# ASSIGNMENT
Omit the pictures, then write out every entry exactly as it reads.

Top of EXERCISE DATA

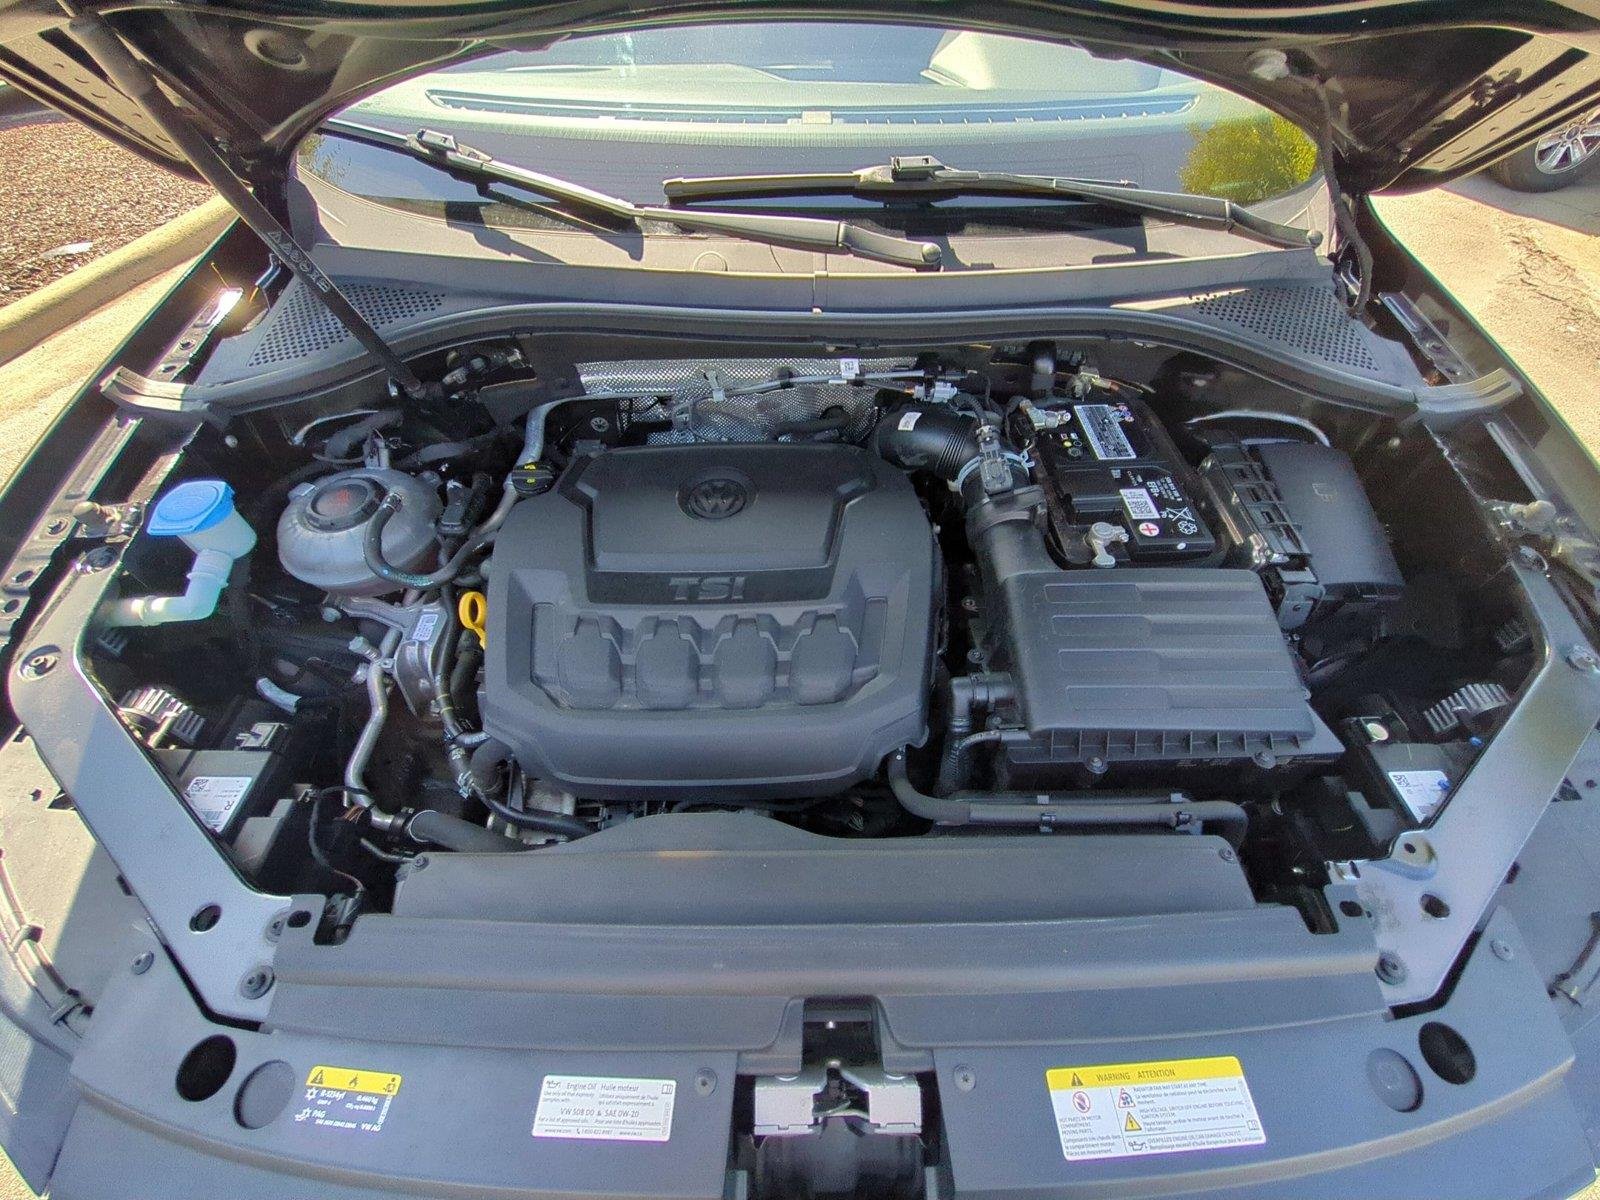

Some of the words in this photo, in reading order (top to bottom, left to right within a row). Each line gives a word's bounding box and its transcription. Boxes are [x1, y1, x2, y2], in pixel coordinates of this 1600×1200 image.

[669, 576, 745, 600] TSI
[1096, 1072, 1131, 1083] WARNING
[1137, 1069, 1176, 1079] ATTENTION
[566, 1082, 587, 1090] Engine
[600, 1083, 616, 1091] Huile
[617, 1084, 640, 1092] moteur
[320, 1089, 347, 1101] R-1234yf
[312, 1110, 326, 1119] PAG
[561, 1107, 572, 1115] VW
[572, 1108, 585, 1116] 508
[604, 1109, 617, 1117] SAE
[618, 1109, 640, 1118] 0W-20
[361, 1122, 371, 1131] VW

Bottom of EXERCISE DATA

# WRITTEN ANSWER
Some of the words in this photo, in reading order (top to bottom, left to right within a row). Each line gives a word's bounding box and its transcription. Boxes are [x1, y1, x2, y2], in pixel coordinates of this 1600×1200 image.

[669, 576, 745, 600] TSI
[1096, 1072, 1131, 1083] WARNING
[1137, 1069, 1176, 1079] ATTENTION
[566, 1082, 587, 1090] Engine
[600, 1083, 616, 1091] Huile
[617, 1084, 640, 1092] moteur
[320, 1089, 347, 1101] R-1234yf
[312, 1110, 326, 1119] PAG
[561, 1107, 572, 1115] VW
[572, 1108, 585, 1116] 508
[604, 1109, 617, 1117] SAE
[618, 1109, 640, 1118] 0W-20
[361, 1122, 371, 1131] VW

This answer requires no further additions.